▶ _YOUR OBJECTIVE_
Transcribe the line with "Some of the text" and all the lines that follow it in the material below, exactly as they stand.

+++++

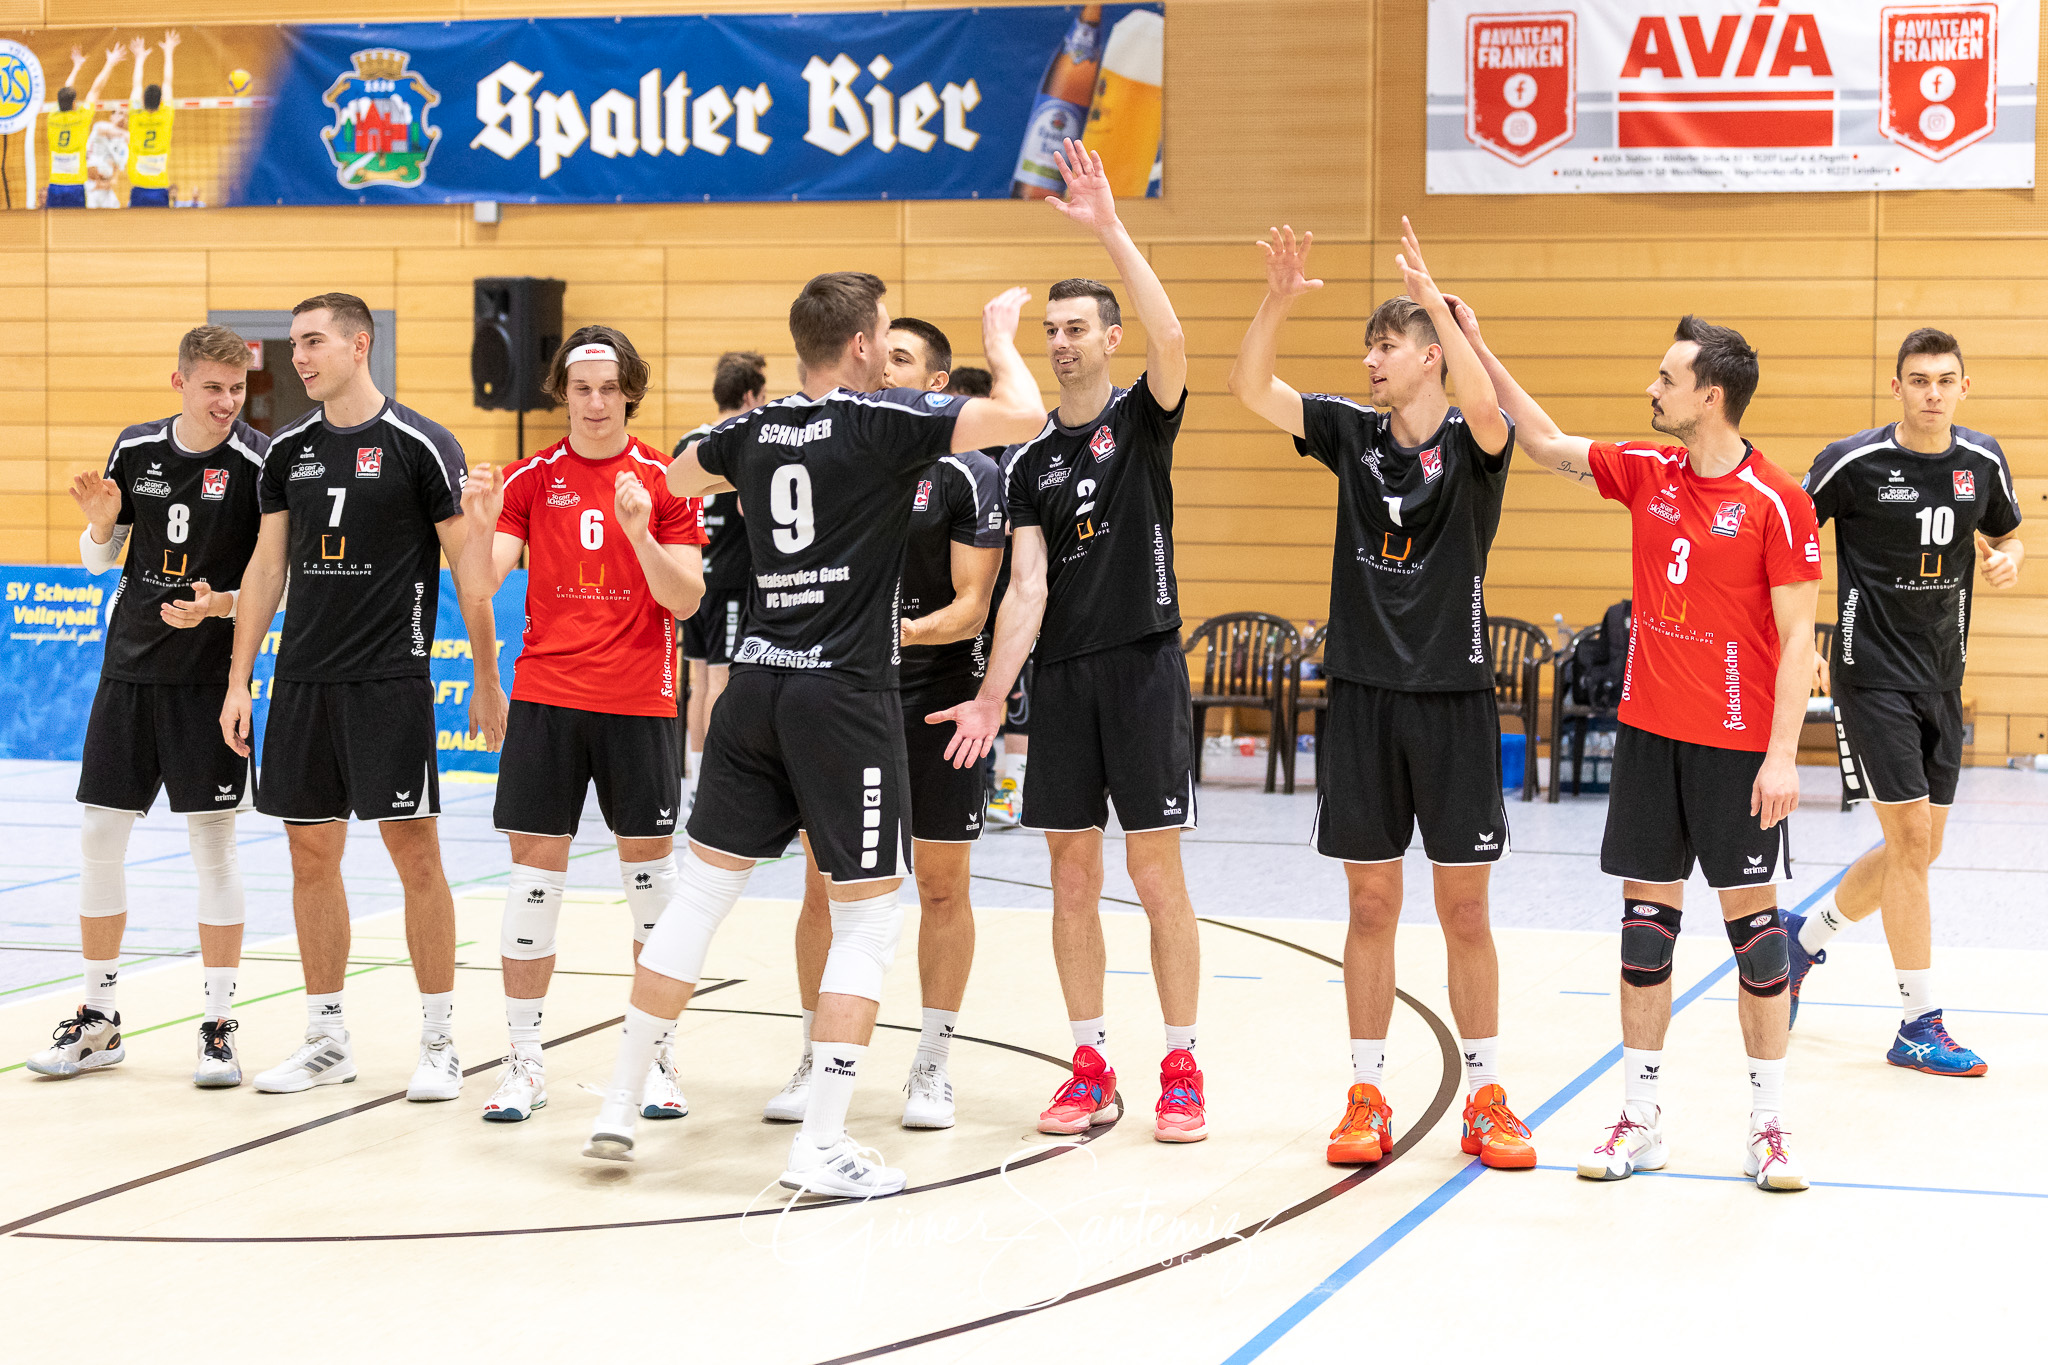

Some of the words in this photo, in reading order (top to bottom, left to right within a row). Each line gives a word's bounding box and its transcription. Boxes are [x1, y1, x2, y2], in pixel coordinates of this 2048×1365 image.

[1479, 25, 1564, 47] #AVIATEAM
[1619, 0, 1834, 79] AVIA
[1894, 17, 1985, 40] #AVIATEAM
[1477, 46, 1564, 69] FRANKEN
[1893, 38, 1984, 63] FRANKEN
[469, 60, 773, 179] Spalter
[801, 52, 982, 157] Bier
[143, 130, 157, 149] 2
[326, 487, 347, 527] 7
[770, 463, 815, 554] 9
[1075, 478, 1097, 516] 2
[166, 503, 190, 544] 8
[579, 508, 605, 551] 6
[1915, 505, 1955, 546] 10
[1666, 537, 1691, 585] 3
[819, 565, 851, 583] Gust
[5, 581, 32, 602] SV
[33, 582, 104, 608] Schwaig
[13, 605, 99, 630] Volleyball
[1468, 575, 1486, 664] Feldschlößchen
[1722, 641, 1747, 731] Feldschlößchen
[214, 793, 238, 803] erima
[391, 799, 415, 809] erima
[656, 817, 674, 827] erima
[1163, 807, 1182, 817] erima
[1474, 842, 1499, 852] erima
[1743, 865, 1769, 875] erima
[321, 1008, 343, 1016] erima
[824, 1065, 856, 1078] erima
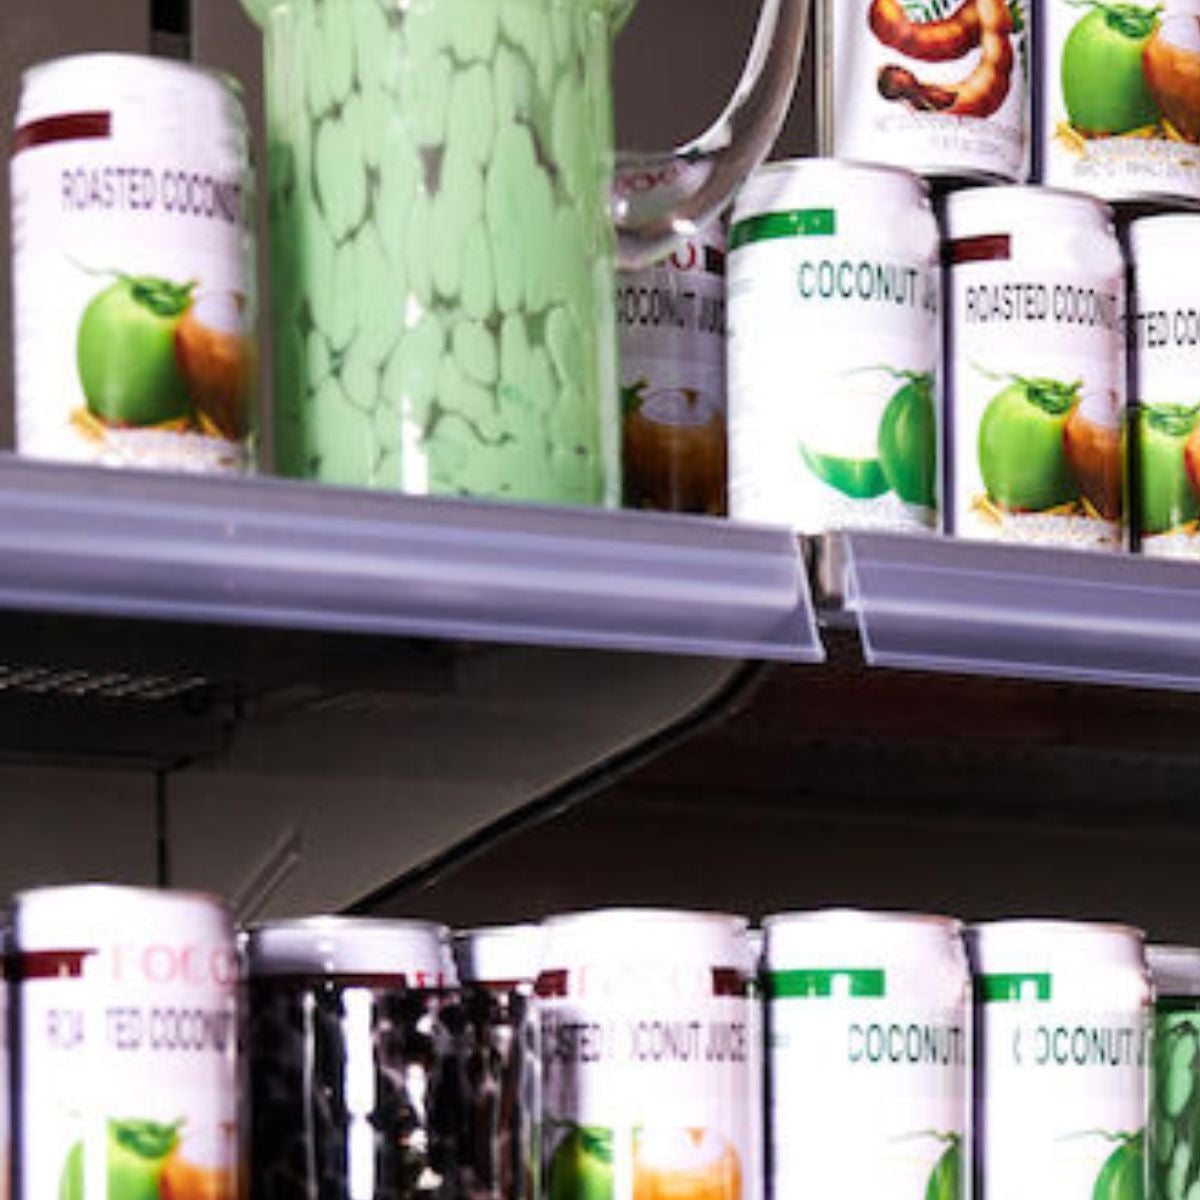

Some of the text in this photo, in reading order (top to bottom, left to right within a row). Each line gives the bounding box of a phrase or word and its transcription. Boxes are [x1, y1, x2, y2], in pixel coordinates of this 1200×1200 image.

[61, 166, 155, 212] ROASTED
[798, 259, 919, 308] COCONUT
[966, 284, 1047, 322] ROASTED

+++++

▶ _EXERCISE RESULT_
Some of the text in this photo, in reading order (top to bottom, left to right within a row). Each line gives the bounding box of a phrase or word and its transcription. Boxes are [x1, y1, x2, y2], in pixel coordinates of this 1200×1200 image.

[61, 166, 155, 212] ROASTED
[798, 259, 919, 308] COCONUT
[966, 284, 1047, 322] ROASTED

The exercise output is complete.